GlaxoSmithKline plc (GSK) and Yale University have established a drug discovery research collaboration to design a potential new class of medicines that degrade disease-causing proteins.

The collaboration combines GSK’s expertise in medicinal chemistry with Yale’s pioneering work on proteolysis targeting chimeric molecules or PROTACs. PROTAC technology guides disease-causing proteins to a cell’s “garbage disposal” where they can be destroyed. Mutant or higher-than normal amounts of these proteins typically drive disease progression in areas such as oncology, inflammation and infections; yet many cannot be tackled by traditional ways of making drugs.

Under the agreement, a joint research team will work to show that PROTACs can be turned into future medicines. GSK will then have the right to use this technology for multiple disease-causing proteins across all therapy areas. For each protein-degrading drug that is discovered and developed, Yale will be eligible for milestone and royalty payments. Several collaborations between GSK and UK-based universities have been announced that also entail such joint working towards common milestones, combined with an element of risk sharing by the parties. This partnership differs through its scope around a potential new class of medicines and because of its association with a US academic centre.

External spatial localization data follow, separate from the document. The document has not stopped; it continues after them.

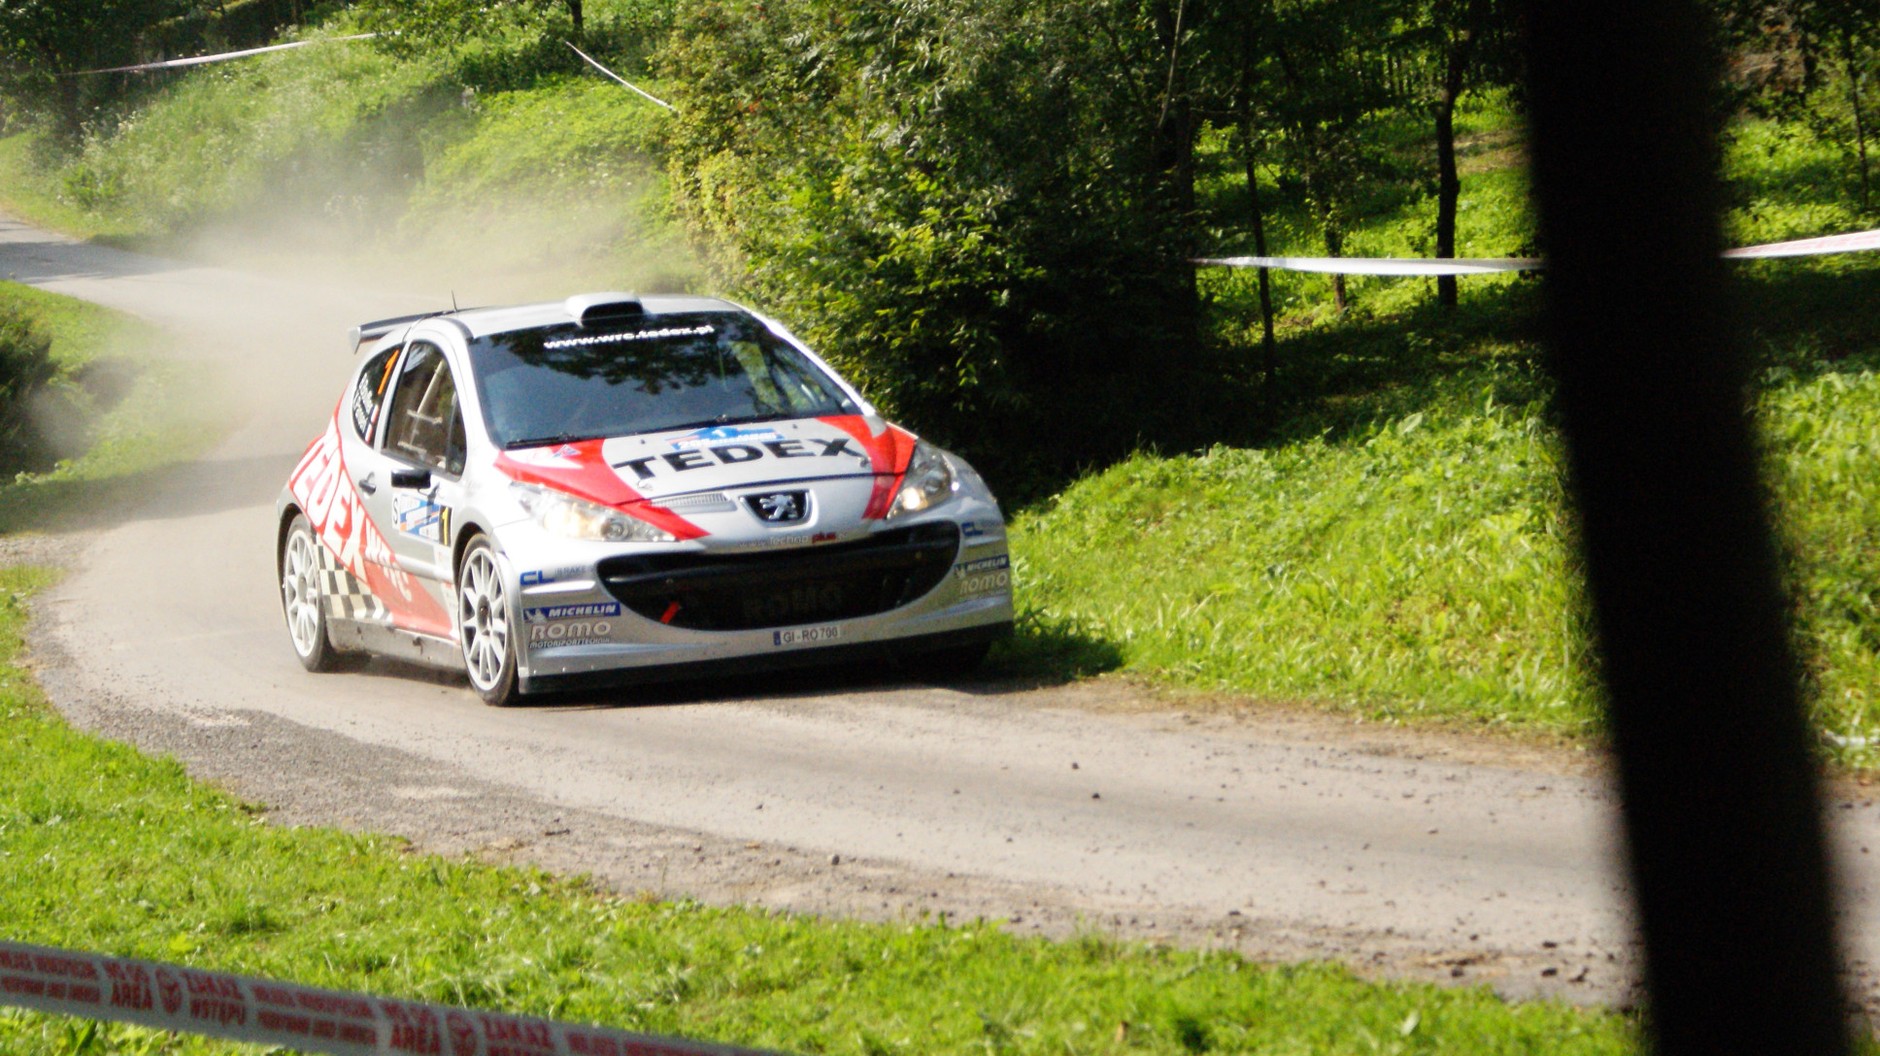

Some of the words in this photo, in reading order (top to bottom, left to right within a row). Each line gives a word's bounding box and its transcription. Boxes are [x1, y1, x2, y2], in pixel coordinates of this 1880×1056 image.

[543, 325, 715, 349] www.wrc.tedex.pl
[377, 349, 400, 395] 1
[613, 438, 867, 480] TEDEX
[290, 415, 370, 584] TEDEX
[441, 507, 449, 546] 1
[967, 557, 1007, 571] MICHELIN
[548, 604, 616, 617] MICHELIN
[531, 622, 611, 640] ROMO

“This partnership is exploring a new way for promising, but unproven therapeutic approaches to jump from the academic lab more quickly into the early stage pharmaceutical pipeline,” said Kris Famm, head of GSK’s Protein Degradation effort, who will lead the programme with Craig Crews, the Lewis B Cullman Professor of Molecular, Cellular, and Developmental Biology, and Professor of Chemistry and Pharmacology at Yale. “The ground-breaking work Craig and his team have done may allow us to tackle a whole host of disease-causing proteins that were previously out of reach for medicines, and it is exciting to work together to try to realise that promise.”

The collaboration has been endorsed by GSK’s Discovery Investment Board, the panel of internal and external experts who make funding decisions on GSK’s small biotech-like Discovery Performance Units (DPUs). The GSK  team working on the collaboration includes a number of scientists from areas of drug discovery that are no longer being progressed following last year’s DPU review. Collaboration with academia and other external partners is fundamental to GSK’s strategic priorities of growing a diversified, global business and delivering more products of value. The programme announced reinforces GSK R&D’s emphasis on seeking out the best science, wherever it may be, and collaborating with external partners.

The collaborative work with GSK and Yale is already underway, with the goal of showing crucial proof of principle for this technology by the end of 2012. “The relationship between the pharmaceutical industry and academia is changing,” Crews said, “and this collaboration offers a new paradigm for how pharma companies and academic researchers can benefit from working more closely together.”

GlaxoSmithKline – one of the world’s leading research-based pharmaceutical and healthcare companies – is committed to improving the quality of human life by enabling people to do more, feel better and live longer.